Jakarta, Aktual.co — Ketua DPR RI, Setya Novanto mengaku bahwa ada sejumlah permasalahan yang dibahas dalam pertemuan antara pimpinan dewan dengan empat menteri koordinator kabinet kerja.
Pada pertemuan itu disampaikan juga persoalan tentang permasalahan terkait dengan perpanjangan izin PT Freeport Indonesia oleh pemerintah.
“Banyak (yang dibahas dalam pertemuan itu). Yang pertama soal Freeport, soal freeport pertama itu tentu menyalahi aturan UU dan tentu masalah Freeport kita sudah minta kepada menteri ESDM melalui presiden supaya ini betul-betul dilihat dan dikaji kembali,” kata Setya, di Komplek Parlemen, Senayan, Selasa (3/2).
Menurutnya, masih ada permasalah ikhwal pemberian izin oleh pemerintah terhadap pembangunan Smelter Freeport yang akan dilaksanakan di Gersik, Jawa Timur, bukan di Papua.

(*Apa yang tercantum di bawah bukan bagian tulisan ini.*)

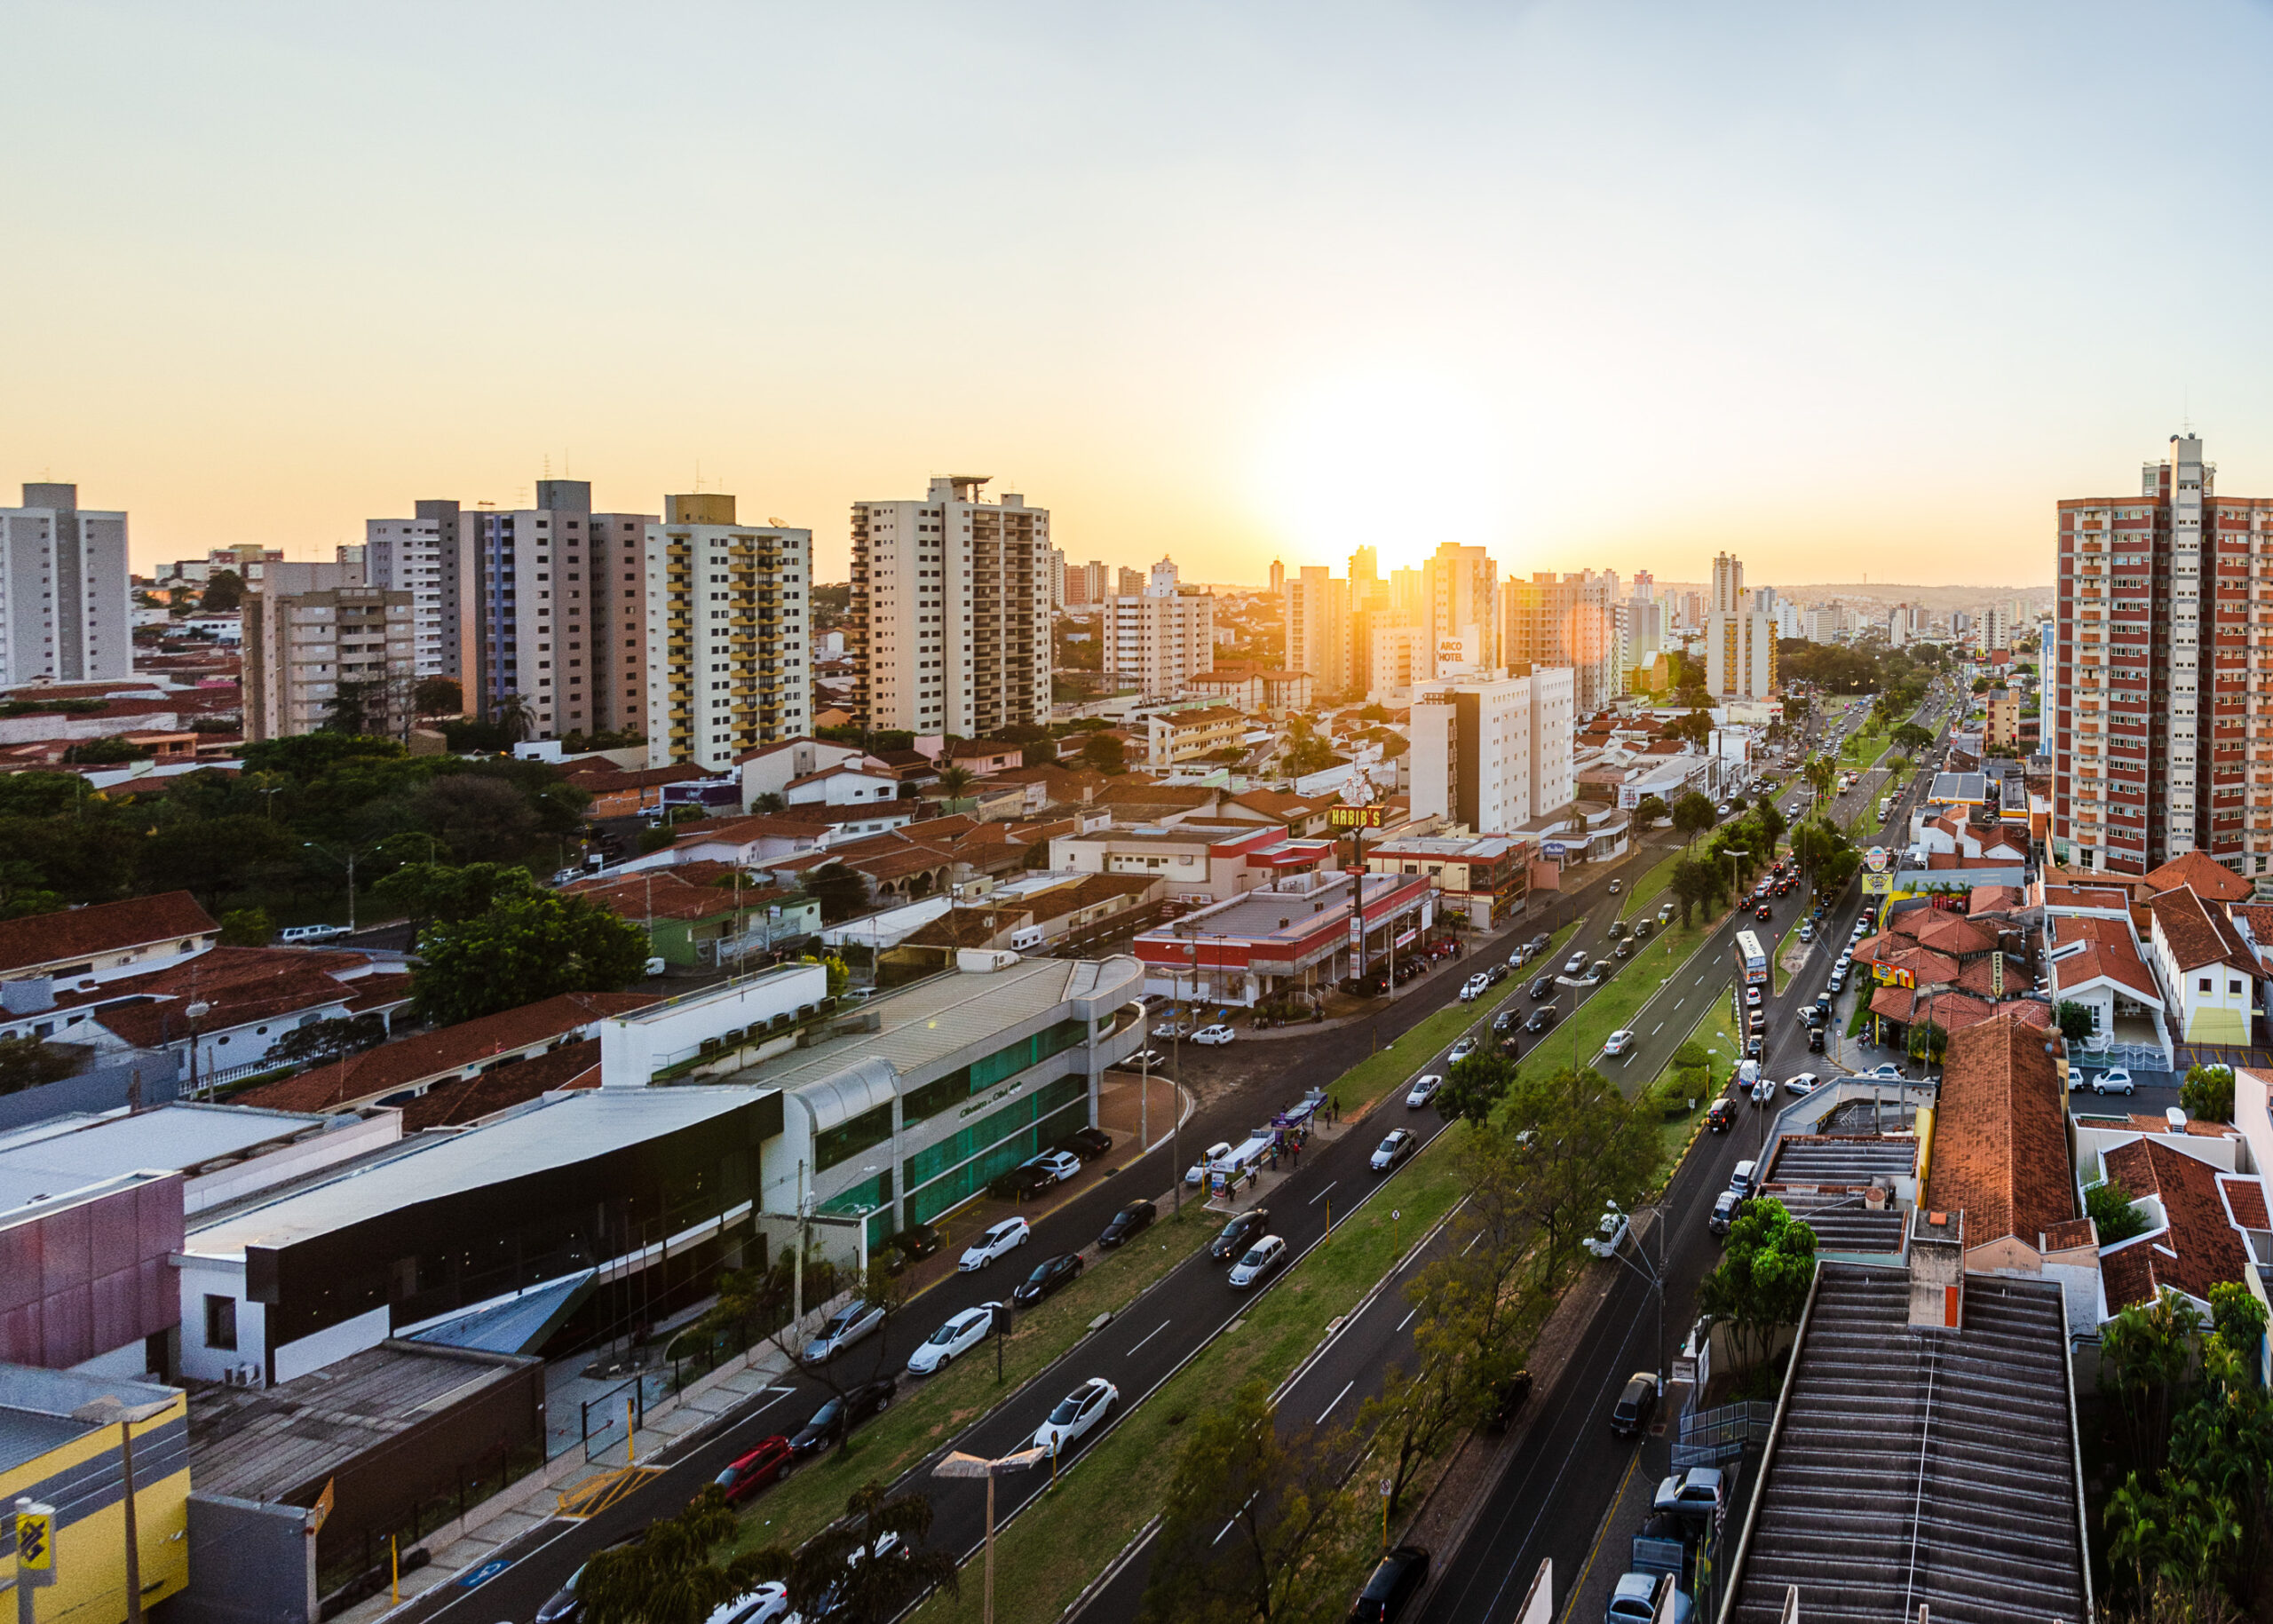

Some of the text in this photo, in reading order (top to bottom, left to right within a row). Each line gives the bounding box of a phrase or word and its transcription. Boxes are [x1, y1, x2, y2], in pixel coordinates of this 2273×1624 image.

“Kedua soal smelter ini juga harus dilaksanakan, dan kita juga sudah menyampaikan kepada pihak-pihak bahwa nanti komisi VII bisa membuat Panja. Karena evaluasi masalah Freeport ini yang penting adalah kontribusi Freeport kepada pemerintah. Dan saya rasa perlu dievaluasi benar,” pungkasnya.